Posted on 2010年12月7日

(1)東照二『歴代首相の言語力を診断する』(研究社、2006)という本がある。以前にも言及したことがある書物だが、日本の場合は、戦時中の東条英機から小泉純一郎までの言語的特徴を解説している。例えば、「…します」という明快な言い方が他の首相よりも圧倒的に多いのは、小泉首相だったとのこと(p. 106 )。彼は「小泉内閣は以下の三つの経済、財政の構造改革を断行します」と言う。他の首相であれば、「構造改革を断行したいと考えている次第であります」のような廻りくどい言い方をすることが多いのではなかろうか。

(2)現在の管首相は、ある時の国会での答弁では、“ある意味で”を口癖のように言っていた。これは使い方によっては、“ずるい”言い方である。後で責められた時に、「私が言ったのはそういう意味ではありません」と逃げることが出来るからだ。英語にも “in a sense” (ある意味で)という句があるが、昔、アメリカ人の教授に「多用しないほうがよい」と私は注意されたことがある。自分の発言がどういう意味であるかを明確にしたほうがよいという忠告だったのだと思う。

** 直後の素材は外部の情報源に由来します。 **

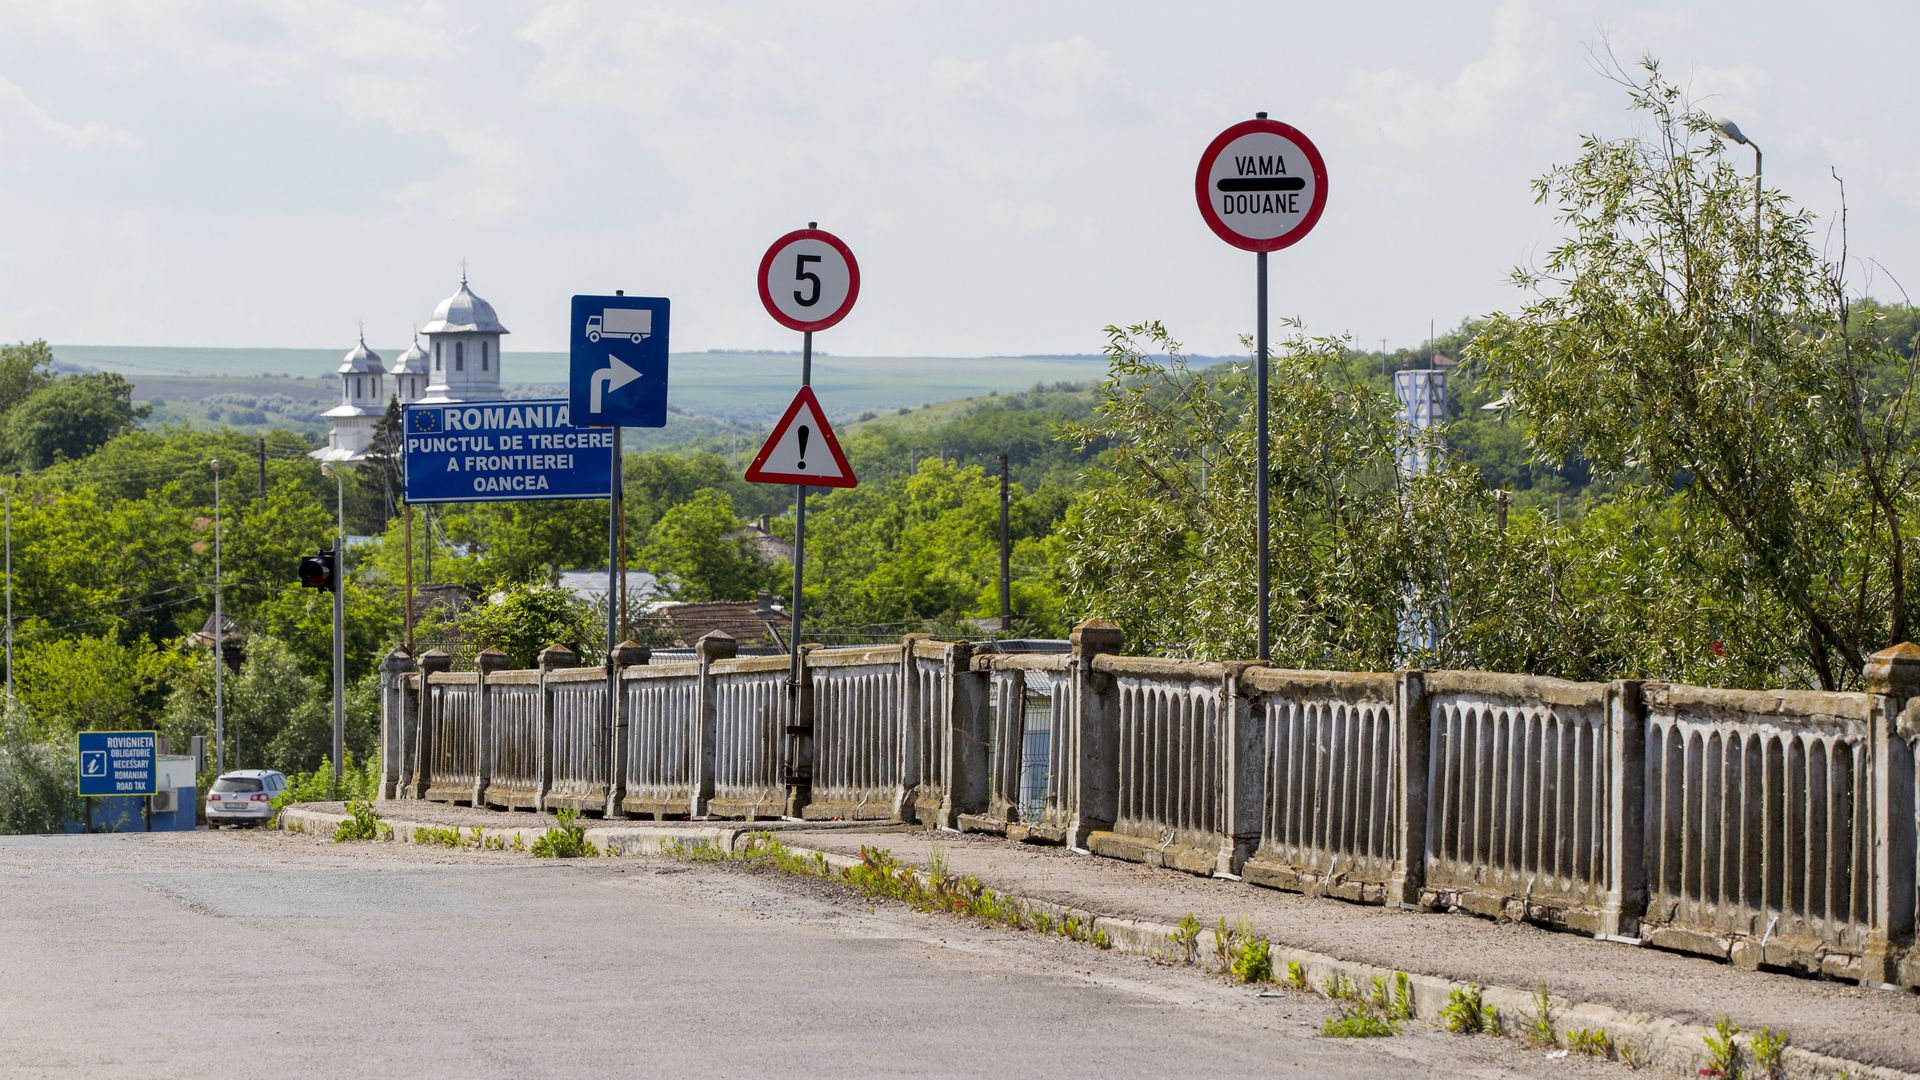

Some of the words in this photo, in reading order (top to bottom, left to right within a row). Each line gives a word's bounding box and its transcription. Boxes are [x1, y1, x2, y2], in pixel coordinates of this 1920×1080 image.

(3)上記の書物には、野党時代の民主党議員が、与党だった自民党の党首や閣僚を責める言葉が紹介されていて、今読むと一層興味深い。相手を攻める時はともかく、自分を守る弁解となると、だらだらと長くて要点がはっきりしないものが多くなる。例えば、今は外務大臣の前原誠司氏(当時党代表)は、あるメール事件で政府を追及したが、そのメールは偽物ではないかという疑惑が生じた。記者団のインタービューで、前原氏は、「私は、あの、偽物だとは思っていませんし、あのメール情報からいろんな口座等を調べる中で、えー、まあ、問題がある面も深まってきましたので、私、今の段階でその必要はまったくないと思っています」のように答えている。(p.146)

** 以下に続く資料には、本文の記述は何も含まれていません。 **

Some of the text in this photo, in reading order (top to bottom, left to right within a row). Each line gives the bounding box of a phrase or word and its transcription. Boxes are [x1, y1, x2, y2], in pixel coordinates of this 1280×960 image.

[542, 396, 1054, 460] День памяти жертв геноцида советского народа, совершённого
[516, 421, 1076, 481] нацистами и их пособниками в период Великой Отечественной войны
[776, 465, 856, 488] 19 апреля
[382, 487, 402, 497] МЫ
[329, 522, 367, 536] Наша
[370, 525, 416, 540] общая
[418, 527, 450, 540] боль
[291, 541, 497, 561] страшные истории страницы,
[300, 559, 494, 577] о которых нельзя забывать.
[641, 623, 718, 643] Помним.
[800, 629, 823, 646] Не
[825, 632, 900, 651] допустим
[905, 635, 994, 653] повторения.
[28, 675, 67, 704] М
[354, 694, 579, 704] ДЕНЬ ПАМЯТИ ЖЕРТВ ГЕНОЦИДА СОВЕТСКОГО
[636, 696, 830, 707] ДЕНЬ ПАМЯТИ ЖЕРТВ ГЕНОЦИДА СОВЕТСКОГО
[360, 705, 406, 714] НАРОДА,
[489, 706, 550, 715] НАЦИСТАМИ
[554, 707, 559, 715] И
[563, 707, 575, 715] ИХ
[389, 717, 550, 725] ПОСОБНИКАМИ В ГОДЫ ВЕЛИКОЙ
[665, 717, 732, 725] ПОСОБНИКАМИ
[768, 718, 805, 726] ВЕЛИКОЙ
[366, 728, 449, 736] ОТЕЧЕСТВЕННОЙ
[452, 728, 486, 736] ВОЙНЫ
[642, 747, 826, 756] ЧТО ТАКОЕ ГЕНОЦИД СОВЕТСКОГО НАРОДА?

(4)話し言葉としては、つかえたり、繰り返しが多くなったりするのは止むを得ない面があるが、文を短く区切って、言いたいことを明確にすることは可能なはずだ。例えば、「私はメールは本物だと思っています。あのメールをきっかけに、いろいろな口座を調べてみると疑惑は深まりました。したがって、メールの真偽を問題にする必要はまったくありません」くらいには言えると思う。結局、メールは偽物で、前原氏は党代表を辞任することになった大事件であった。

(5)言語以外の(nonverbal )表情や身振りも大事だ。今度の国会では、野党が問責された大臣が出席する会合には出ないと決めたために、管首相としては初めての党首討論が出来なくなった。そのことを記者団に尋ねられた時の笑顔はまずかった。何人かのコメンテーターが指摘していたが、党首討論を免れてホッと笑顔を見せるのは極めて不謹慎である。首相はその場は逃れられても、最後に困るのは国民だからだ。もっと堂々と「私は…のように主張する」と明確に言うべきで、こういうことは日本人が英語を使う姿勢としても大事なことだと思う。(浅 野 博)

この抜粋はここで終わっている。